35

Cid était de retour quand Corson sortit de l’eau. Il éloigna Antonella sous un prétexte futile et exposa son plan. L’ensemble se tenait, mais certains détails demeuraient imprécis. Le collier, par exemple, ennuyait Corson. Il ignorait comment il pourrait s’en débarrasser. En Aergistal, peut-être, ou au cours d’un voyage dans l’avenir. Mais il ne représentait qu’un inconvénient mineur.

L’évasion ne posait guère de problèmes. Veran lui-même avait doté Corson d’une panoplie d’armes, en sus du collier. Il croyait n’avoir rien à craindre et partait du principe que tout homme disponible est indispensable, à la guerre. L’une des armes créait le champ inhibiteur de lumière. En la modifiant, Corson pensait pouvoir élargir son champ d’action, quitte à vider sa batterie en quelques minutes. Le corollaire de cette arme était un projecteur d’ultrasons qui permettait de se diriger dans l’obscurité et qu’il possédait également. Le sac de provisions qu’il laisserait sur la planète-mausolée faisait partie du harnachement de son hipprone. Restaient les deux combinaisons dont il devrait revêtir l’autre Corson et Antonella. Il estimait qu’il parviendrait à s’en emparer sans trop de mal dans la confusion suscitée par son intervention.

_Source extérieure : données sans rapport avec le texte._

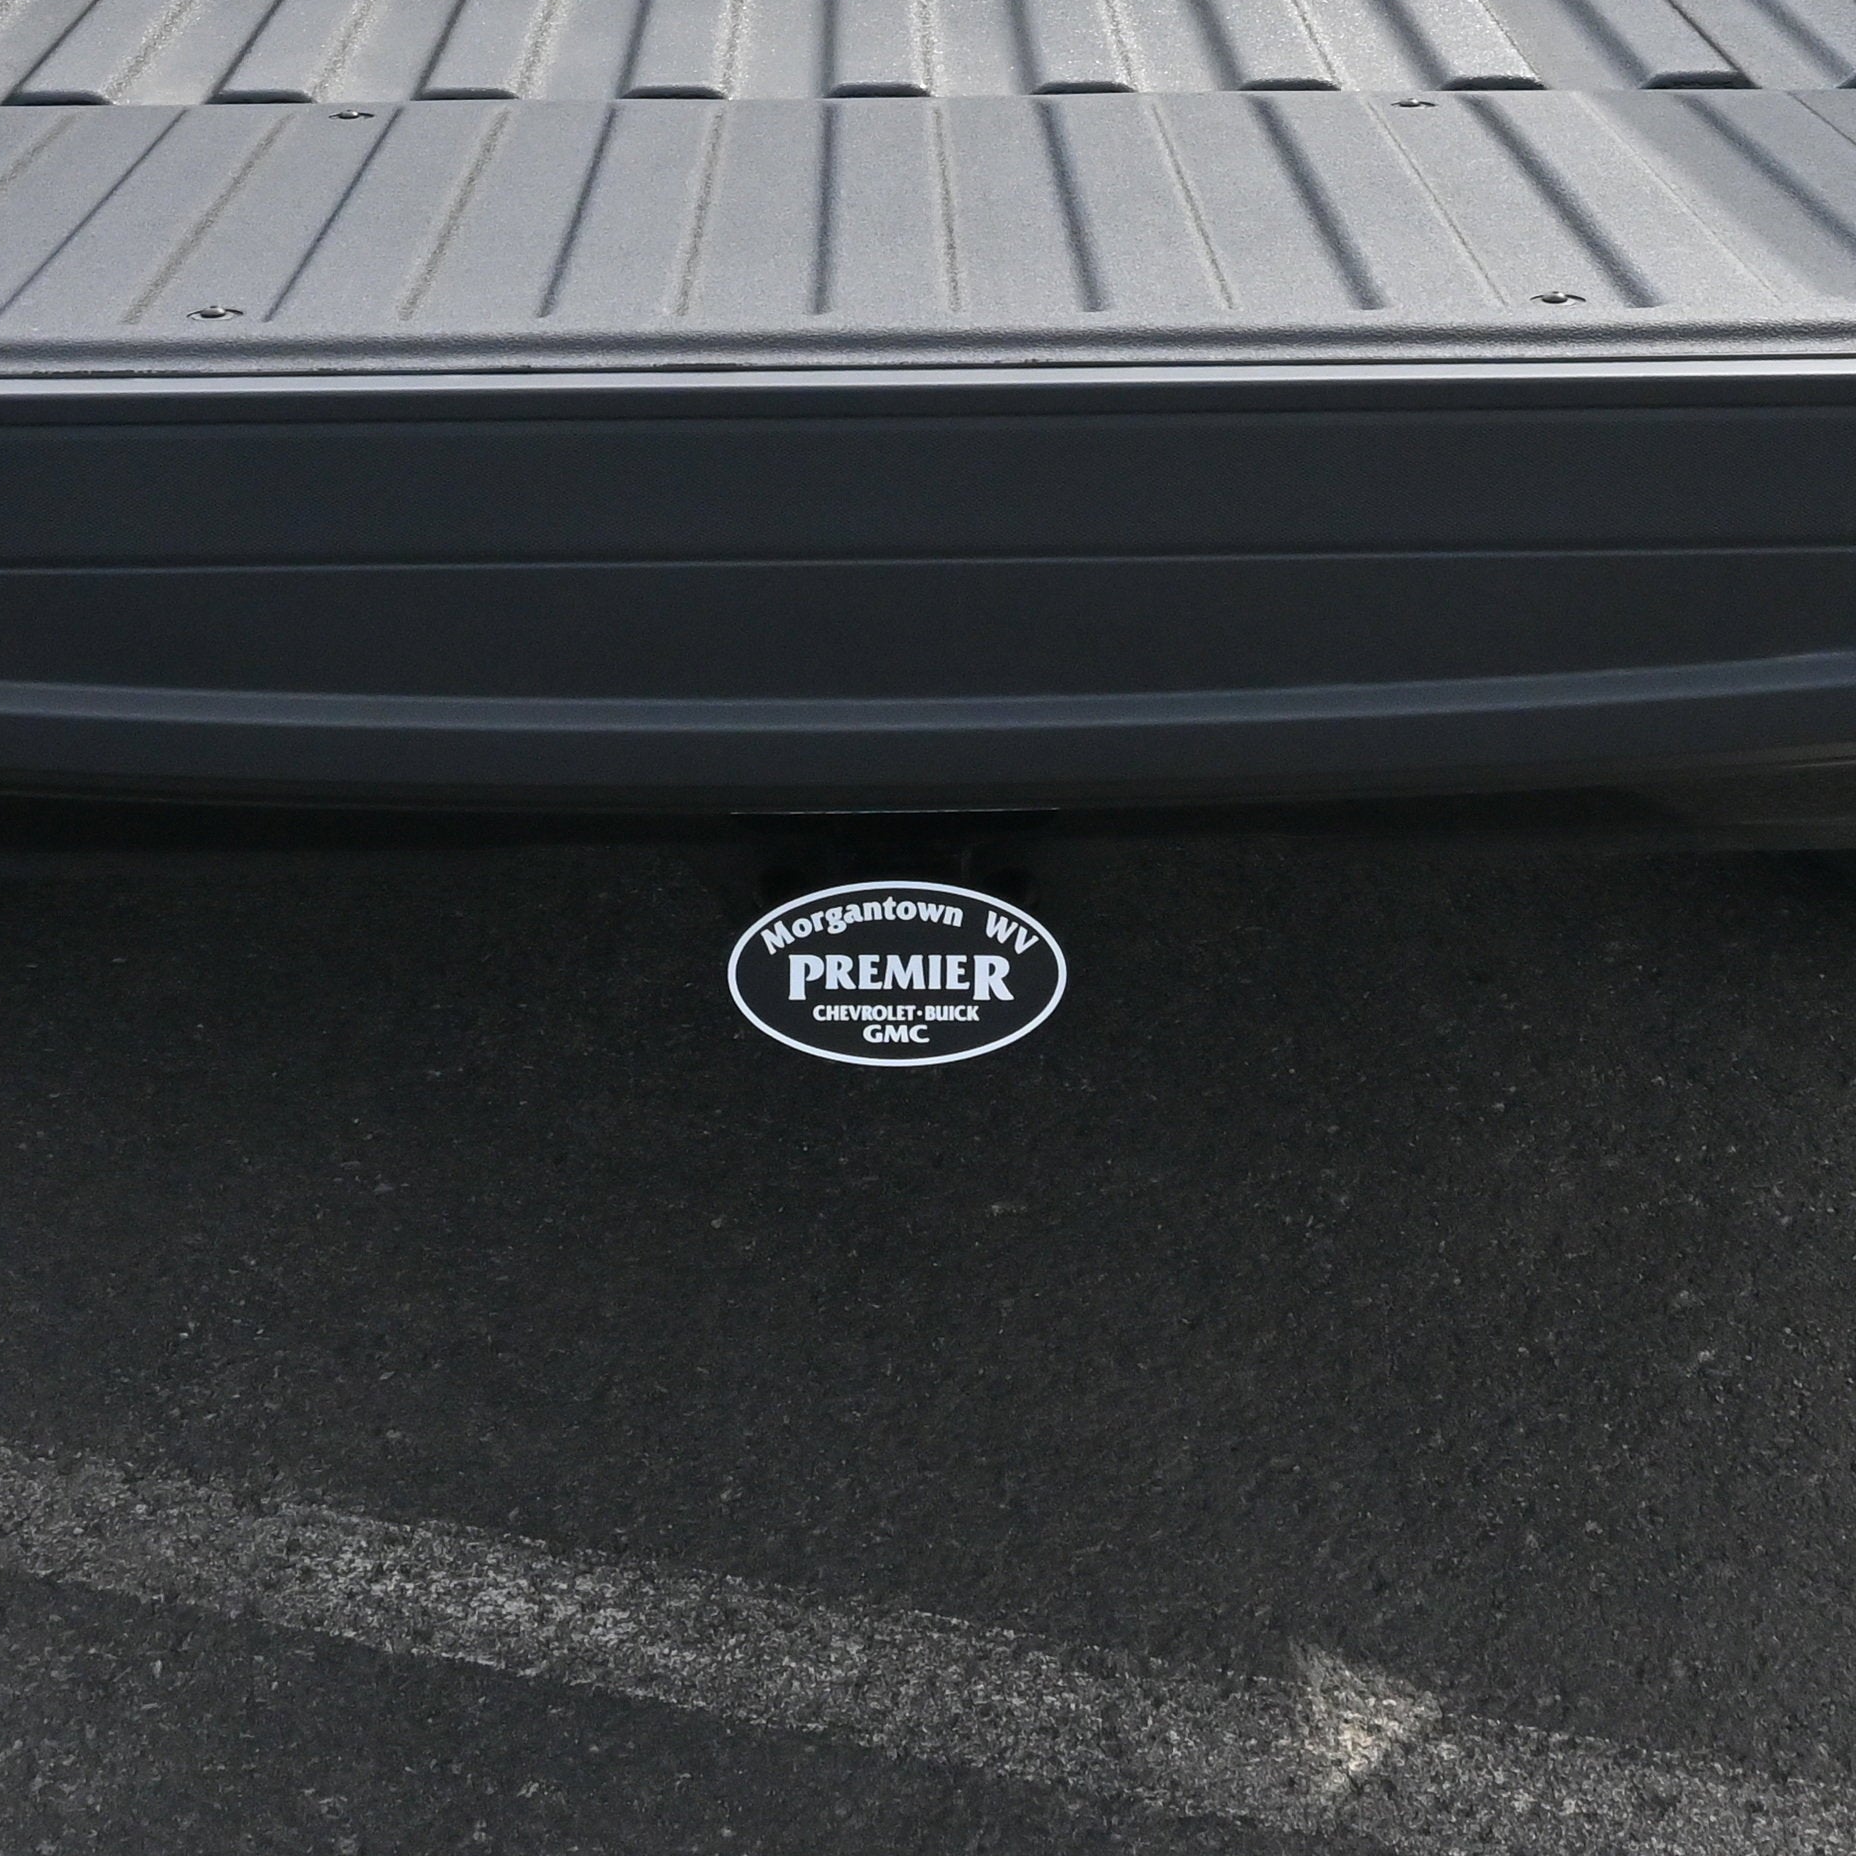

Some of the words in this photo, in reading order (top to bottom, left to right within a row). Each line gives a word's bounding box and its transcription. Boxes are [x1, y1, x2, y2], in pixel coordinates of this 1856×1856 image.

Contrairement à son attente, Cid ne broncha pas lorsqu’il en vint à la partie la plus délicate de son exposé : la réanimation des demi-mortes de la planète-mausolée. L’homme était insensible ou il avait du caractère. La première hypothèse était la moins vraisemblable.

— J’ai quelque idée des techniques de réanimation, dit Corson, et d’implantation d’une personnalité synthétique, mais il me faudra du matériel et peut-être une aide technique.

— Je pense que vous trouverez tout le nécessaire sur la planète-mausolée, dit Cid. Vos cruels collectionneurs ont certainement tout prévu. Et si vous avez besoin de conseils, le mieux serait d’alerter Aergistal.

— Comme ça ? En criant bien fort ? Ils ont toujours un œil fixé sur moi ?

Cid sourit faiblement.

— Probablement. Mais ce n’est pas la méthode. Vous pouvez communiquer avec eux par l’intermédiaire de votre hipprone. Vous êtes allé en Aergistal. Le chemin en est gravé indélébilement dans votre système nerveux. D’ailleurs, ce n’est pas tant un chemin qu’une façon de voir les choses. Aergistal occupe la surface de l’univers, c’est-à-dire qu’il est partout. La surface d’un hypervolume est un volume dont le nombre de dimensions est inférieur d’une unité à celui des dimensions de l’hypervolume. Ce n’est pas tout à fait exact, car le nombre de dimensions de cet univers est peut-être irrationnel ou même transcendant. Mais vous n’avez pas besoin, sur le plan pratique, d’en savoir plus.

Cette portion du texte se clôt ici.